▶ ASSIGNMENT
For this exercise, write each entry below out precisely and omit the pictures.

▶ DATASET EXTRACT
•••

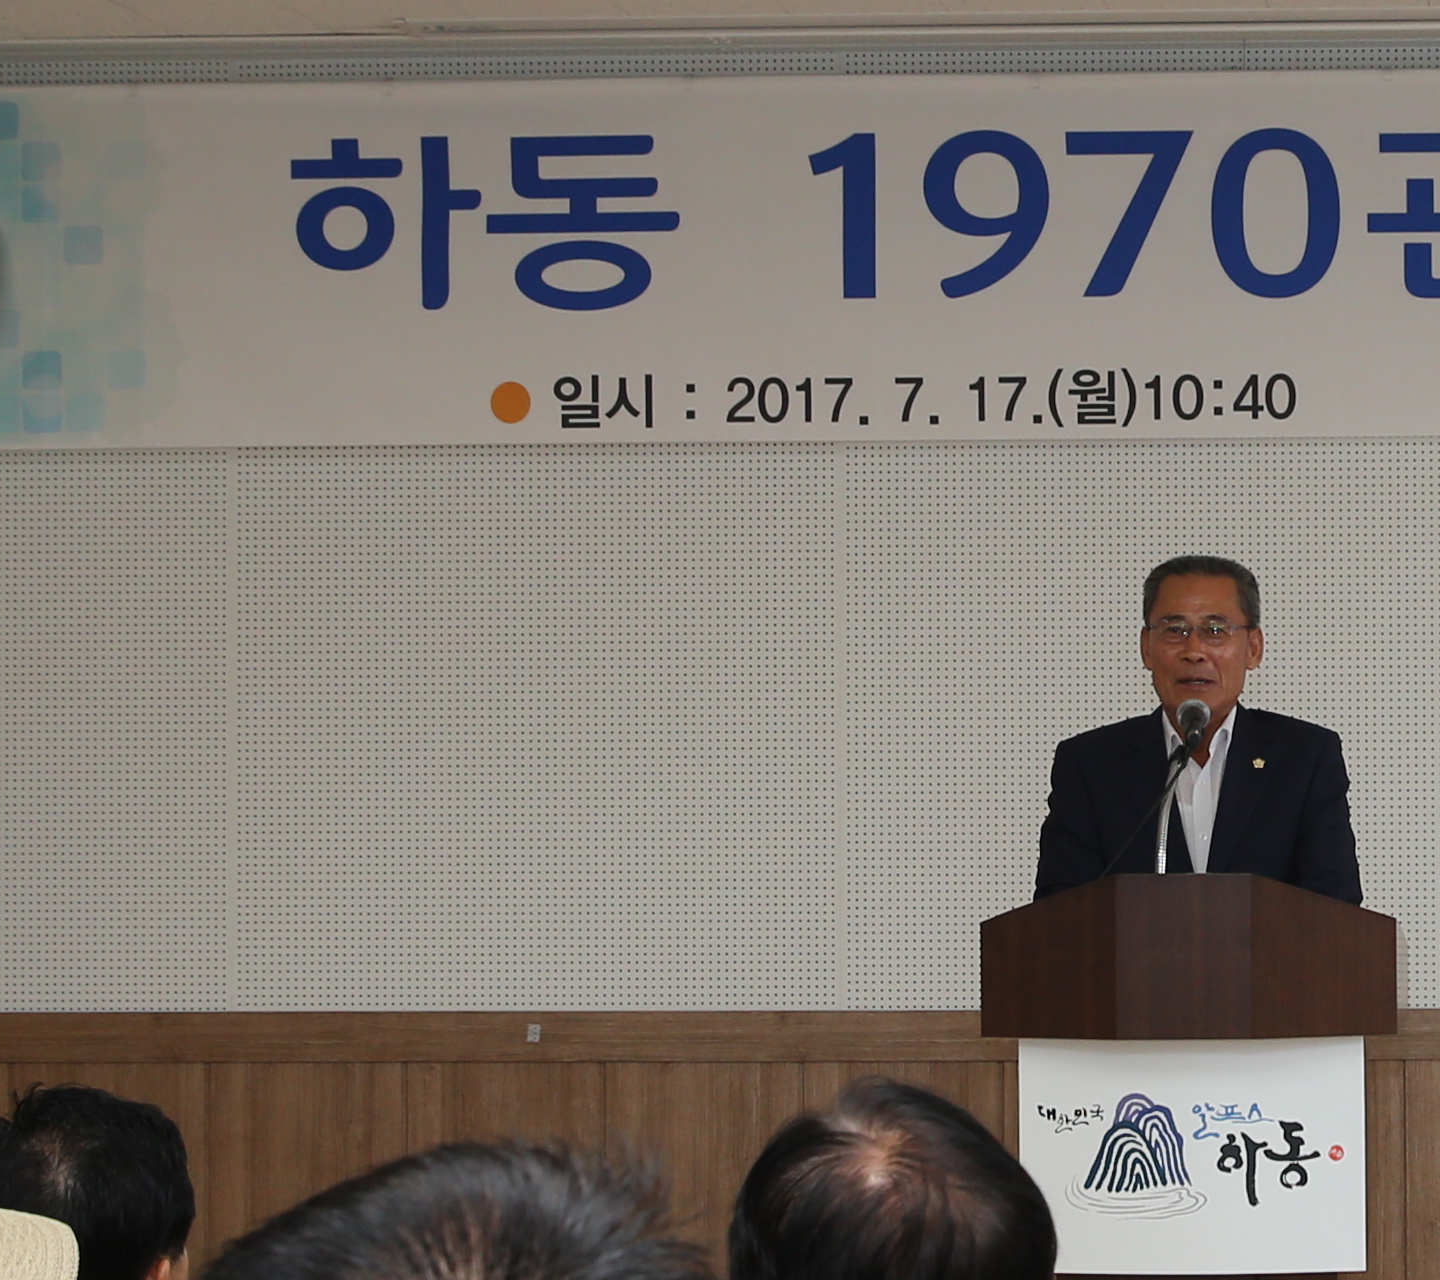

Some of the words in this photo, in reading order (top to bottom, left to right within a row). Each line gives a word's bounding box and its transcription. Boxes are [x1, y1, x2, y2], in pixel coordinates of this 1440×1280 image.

[290, 134, 681, 312] 하동
[552, 373, 654, 429] 일시
[725, 375, 869, 425] 2017.
[893, 375, 940, 425] 7.
[968, 367, 1297, 428] 17.(월)10:40
[1037, 1104, 1105, 1134] 대한민국
[1216, 1120, 1321, 1207] 하동
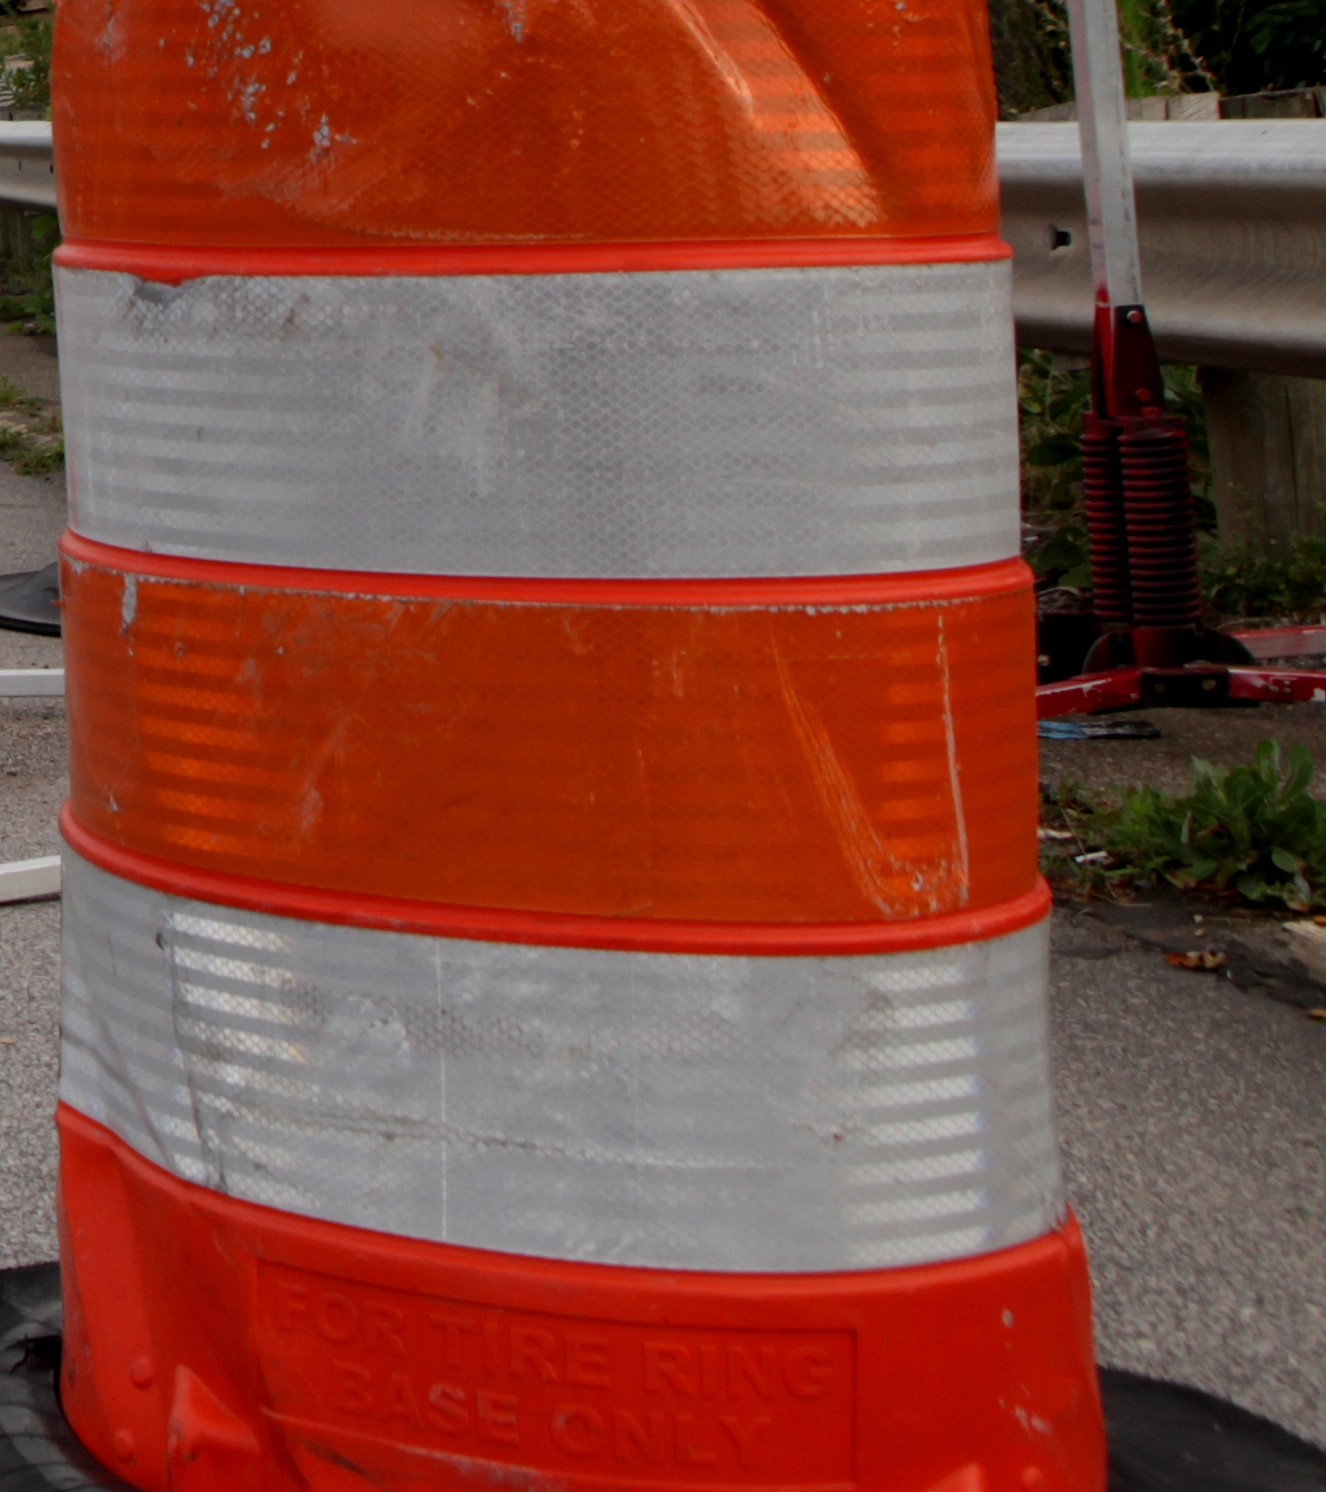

•••

▶ EXERCISE ANSWER
Some of the words in this photo, in reading order (top to bottom, left to right within a row). Each line gives a word's bounding box and its transcription. Boxes are [x1, y1, x2, y2], in pixel coordinates of this 1440×1280 image.

[290, 134, 681, 312] 하동
[552, 373, 654, 429] 일시
[725, 375, 869, 425] 2017.
[893, 375, 940, 425] 7.
[968, 367, 1297, 428] 17.(월)10:40
[1037, 1104, 1105, 1134] 대한민국
[1216, 1120, 1321, 1207] 하동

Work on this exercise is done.